Map to H2-7: timing rules + brownout behavior policy.
10Why do nA/µA measurements go wrong, and how to measure sleep current correctly?

Many DMM ranges add burden voltage, which can shift regulator modes or prevent true sleep. Burst currents can also alias into misleading averages if sampling is slow. A robust method is to first guarantee a repeatable sleep state, then measure with a low-burden setup (SMU or appropriate meter range) and capture burst behavior separately using a shunt plus scope/current probe. Segment the test: gate domains one at a time and record delta steps to separate true contributors from measurement artifacts.

Map to H2-8: instrumentation traps + step-by-step measurement workflow.
11Sleep current is too high: what is the fastest debug order (causes → proofs → fixes)?

Start by proving repeatable sleep entry (stable plateau), then prove “off rail = 0 V” for every gated domain. Next, remove the most common accidental loads (dividers, pull-ups, LEDs) and use delta steps to quantify each change.
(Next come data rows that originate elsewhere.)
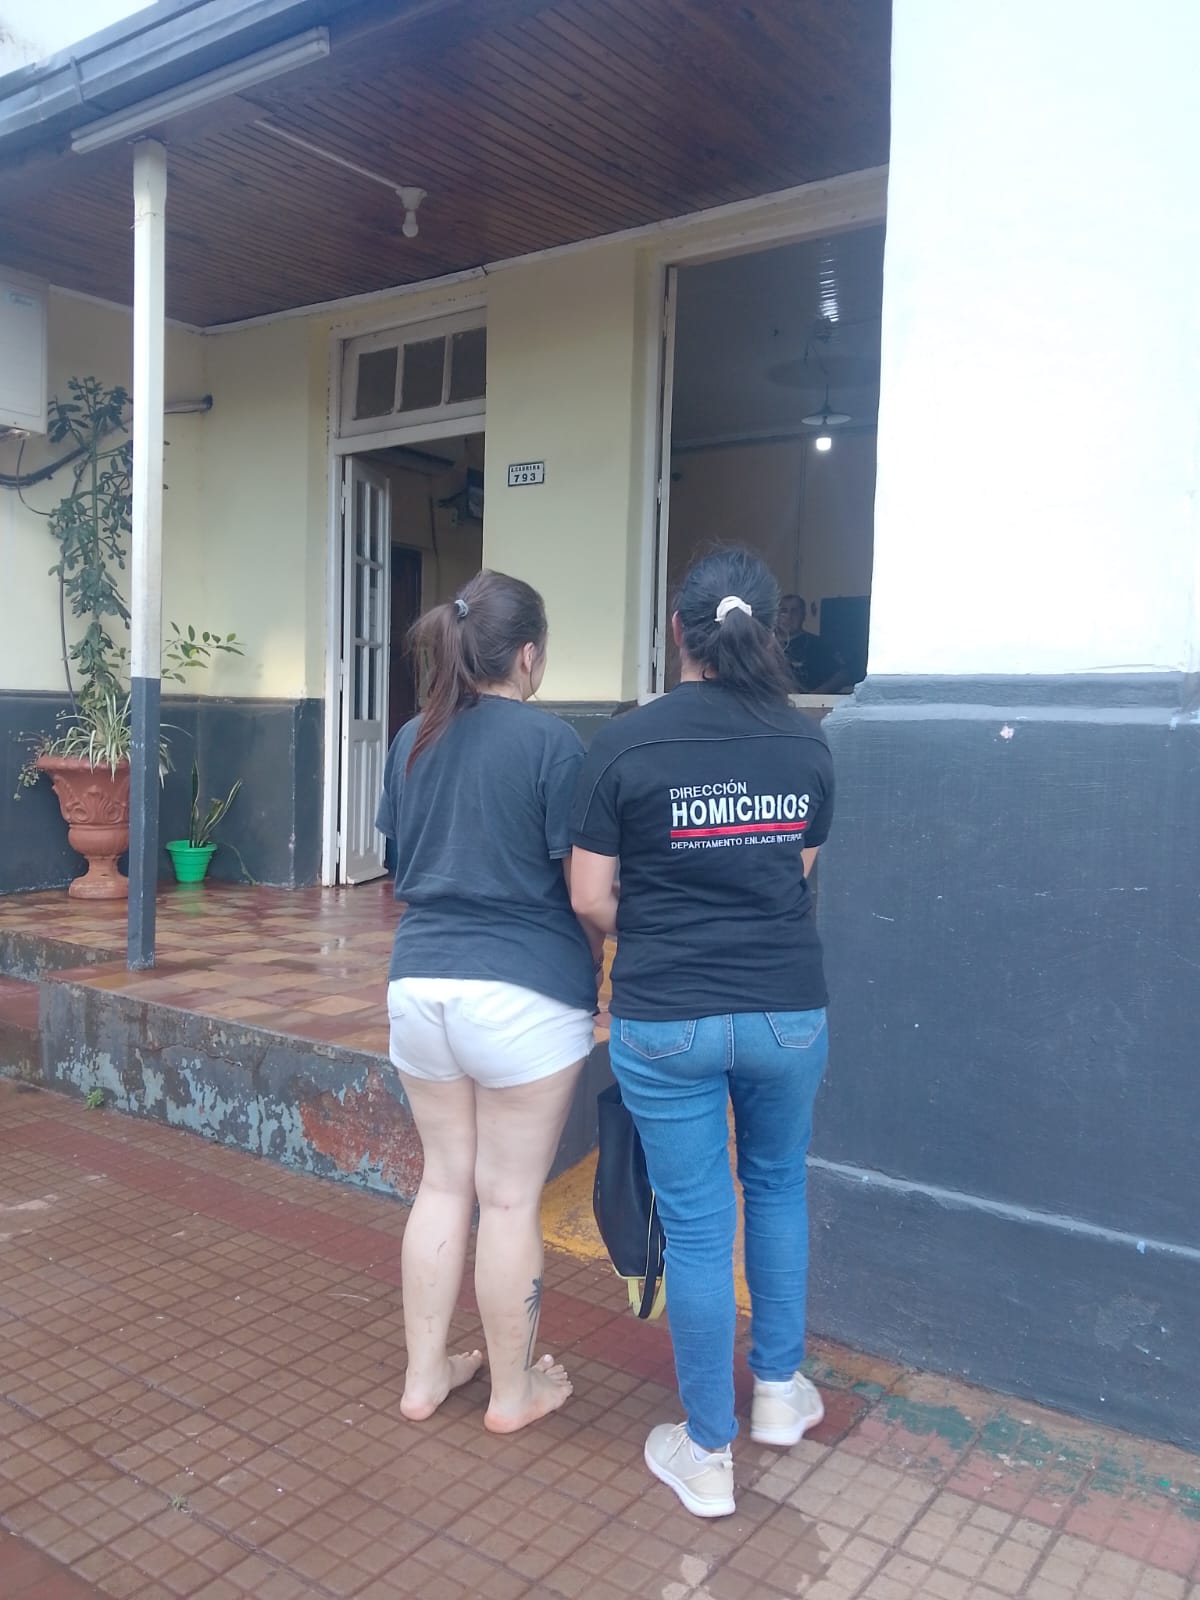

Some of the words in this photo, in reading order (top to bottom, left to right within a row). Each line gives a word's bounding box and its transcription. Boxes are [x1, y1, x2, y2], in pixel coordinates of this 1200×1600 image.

[514, 473, 536, 482] 793
[669, 779, 747, 800] DIRECCIÓN
[671, 794, 810, 827] HOMICIDIOS
[671, 838, 743, 849] DEPARTAMENTO
[744, 836, 776, 845] ENLACE
After that, verify the PMIC truly entered the intended low-power mode and check light-load behavior for excessive switching overhead. This evidence-first order prevents chasing noise and quickly separates software state issues, back-power paths, and genuine PMIC-mode problems.

Map to H2-9: debug flow + Symptom→Test→Evidence→Fix table.
12Which PMIC specs decide success: how to screen quickly without drowning in datasheets?
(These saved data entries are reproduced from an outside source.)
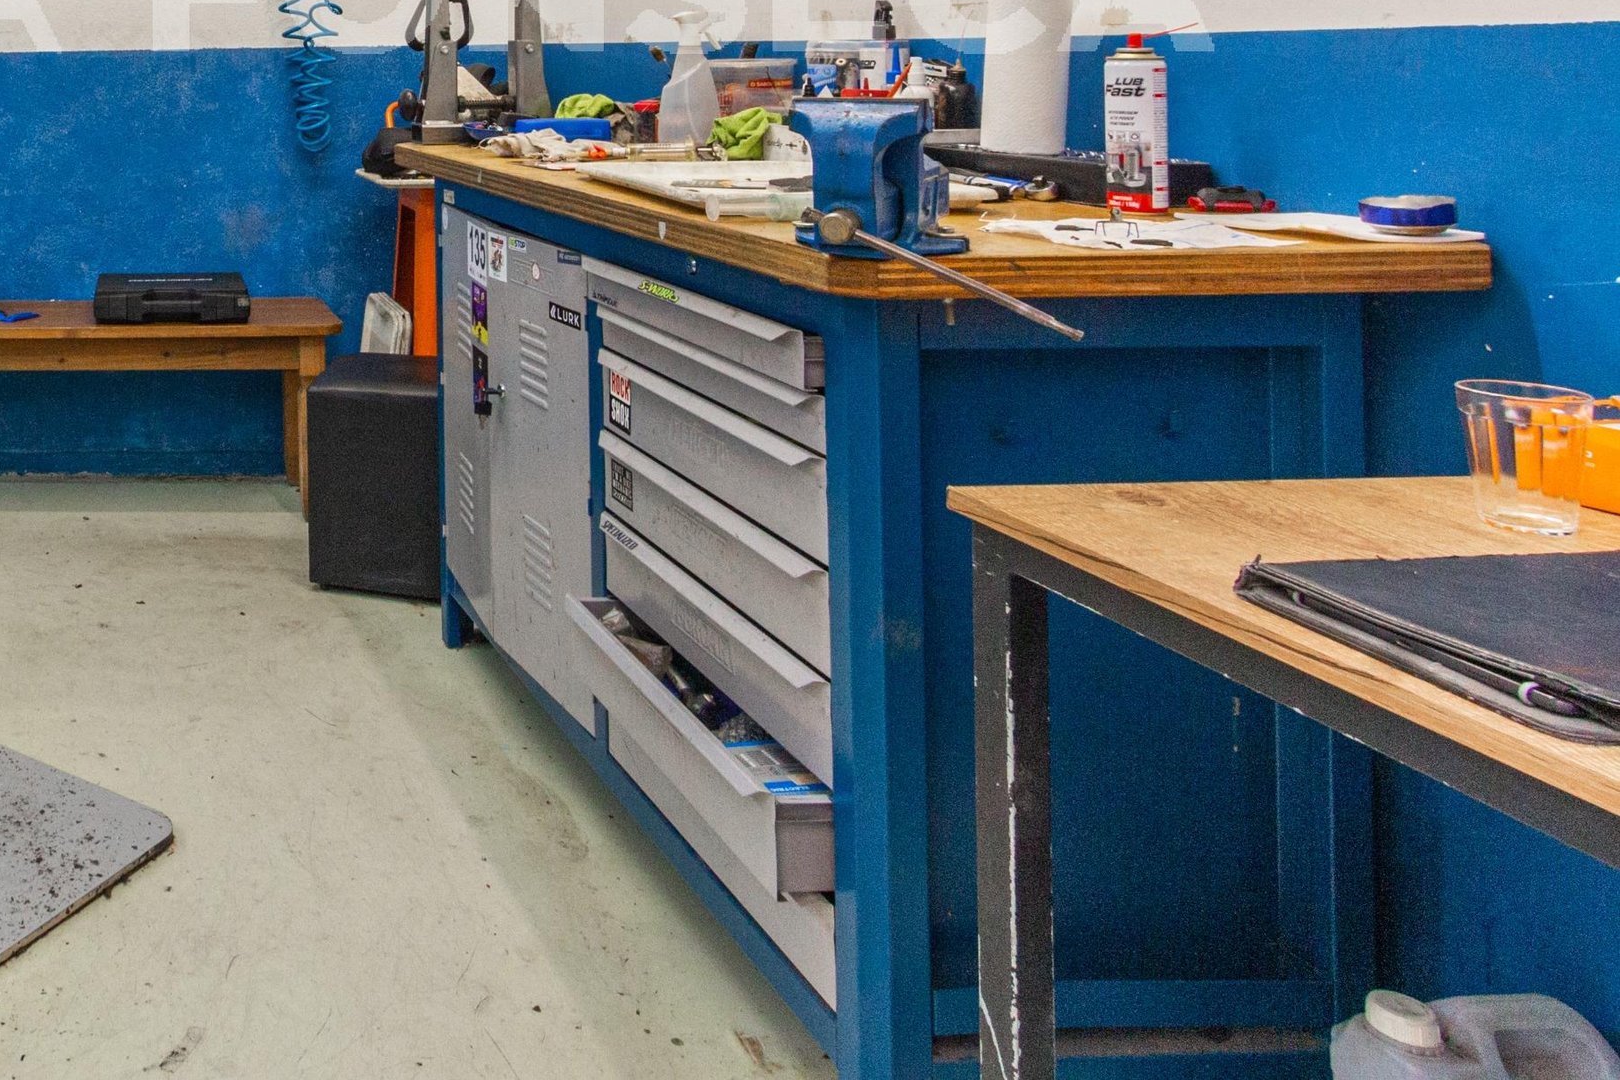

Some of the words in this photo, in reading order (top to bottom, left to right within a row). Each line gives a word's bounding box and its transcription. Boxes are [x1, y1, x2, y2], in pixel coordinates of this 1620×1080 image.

[1106, 85, 1145, 97] Fast
[1115, 77, 1144, 86] LUB
[469, 225, 486, 270] 135
[556, 309, 580, 328] LURK
[611, 370, 630, 396] ROCK
[611, 396, 630, 430] SHOX
[600, 519, 639, 551] SPECIALIZED
Prioritize (1) IQ by mode under real rail-enable conditions, (2) the µA–mA efficiency curve and mode-transition behavior, (3) low-load regulation/ripple, (4) load-switch leakage plus discharge options that guarantee off rails reach 0 V, and (5) PG/RESET accuracy, hysteresis, deglitch, and brownout policy. Then check soft-start/inrush and UVLO hysteresis to avoid oscillation on weak sources. Each of these specs maps directly to field outcomes: sleep budget, wake reliability, and clean gating.

Map to H2-10: “spec → field consequence → quick evidence” funnel.